No linguajar do sertão baiano, "aperreiar" é verbo que carrega o peso das preocupações do dia a dia. Dizer "não se aperreie" é mais que um conselho; é um convite à tranquilidade, uma filosofia de vida que atravessa gerações. É nesse universo que Luís Carlos Nunes situa seu personagem Vacilino, filho de Tonho, de Zé de Dodó — um homem simples, mas dotado de uma sabedoria que só quem viveu muito pode ter.
Vacilino não é herói, nem anti-herói. É o retrato do brasileiro comum que, entre uma dificuldade e outra, encontra motivos para sorrir. No conto que dá título a este artigo, o autor narra as peripécias de Vacilino ao lidar com as burocracias da vida, os desafios do trabalho e as relações de vizinhança. Tudo isso regado a um humor sutil e uma crítica social que não perde a ternura.
A expressão "não se aperreie" funciona como um lema para o personagem. Em cada situação adversa, ele repete a frase para si mesmo, transformando o desespero em paciência. É um ensinamento que ressoa com a cultura nordestina, onde o improviso e a resiliência são ferramentas diárias.
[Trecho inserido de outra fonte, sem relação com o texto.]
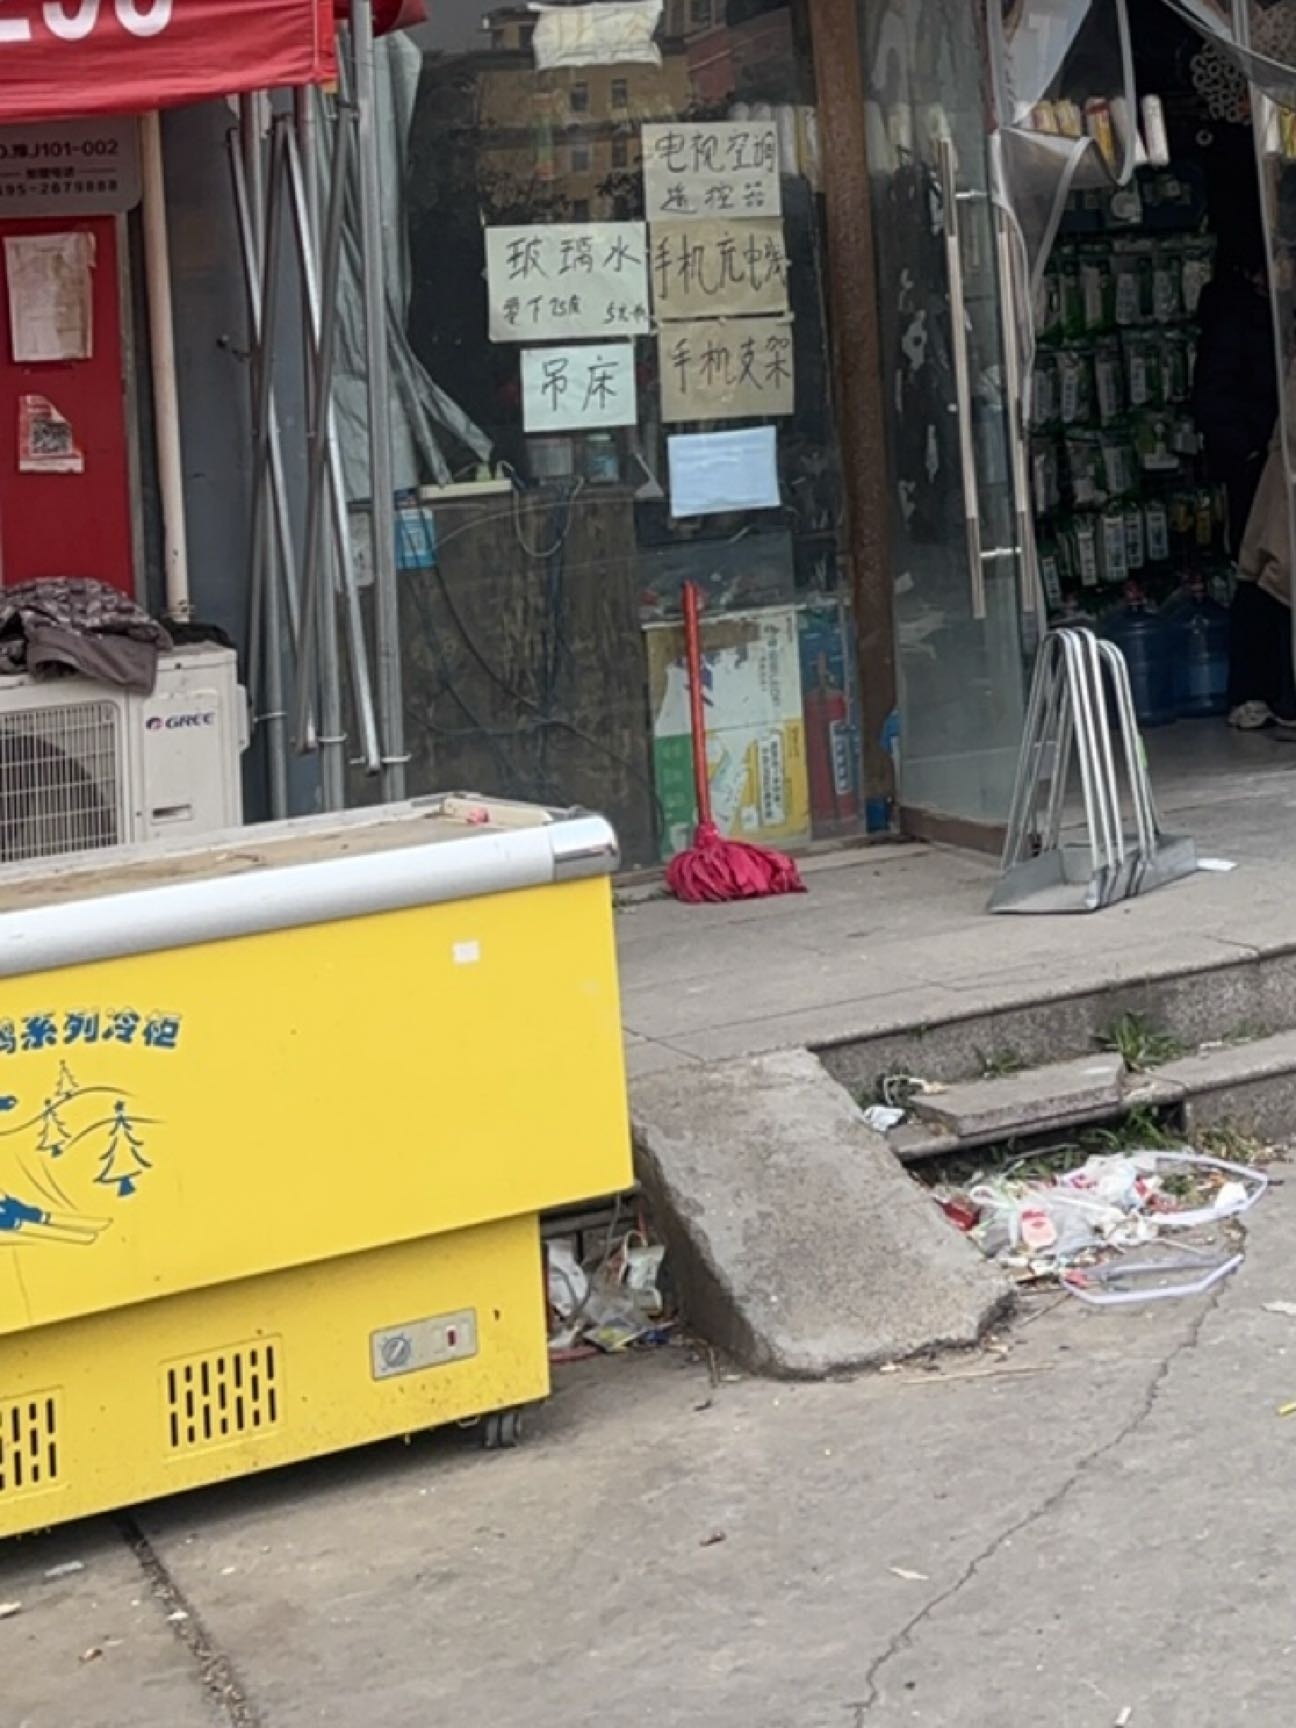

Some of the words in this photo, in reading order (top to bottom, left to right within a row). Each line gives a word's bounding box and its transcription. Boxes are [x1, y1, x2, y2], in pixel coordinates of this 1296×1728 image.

Luís Carlos Nunes, jornalista e escritor baiano, tem uma longa trajetória na cobertura política e cultural do Brasil. Com uma prosa envolvente, ele nos presenteia com histórias que valorizam as raízes populares. "Não se aperreie Vacilino" é uma dessas obras que aquecem o coração e nos fazem refletir.
Para quem deseja conhecer mais sobre a cultura do interior da Bahia e as histórias que moldam o imaginário do povo, este artigo é um excelente ponto de partida. Afinal, como diria Vacilino: a vida é curta para se aperrear.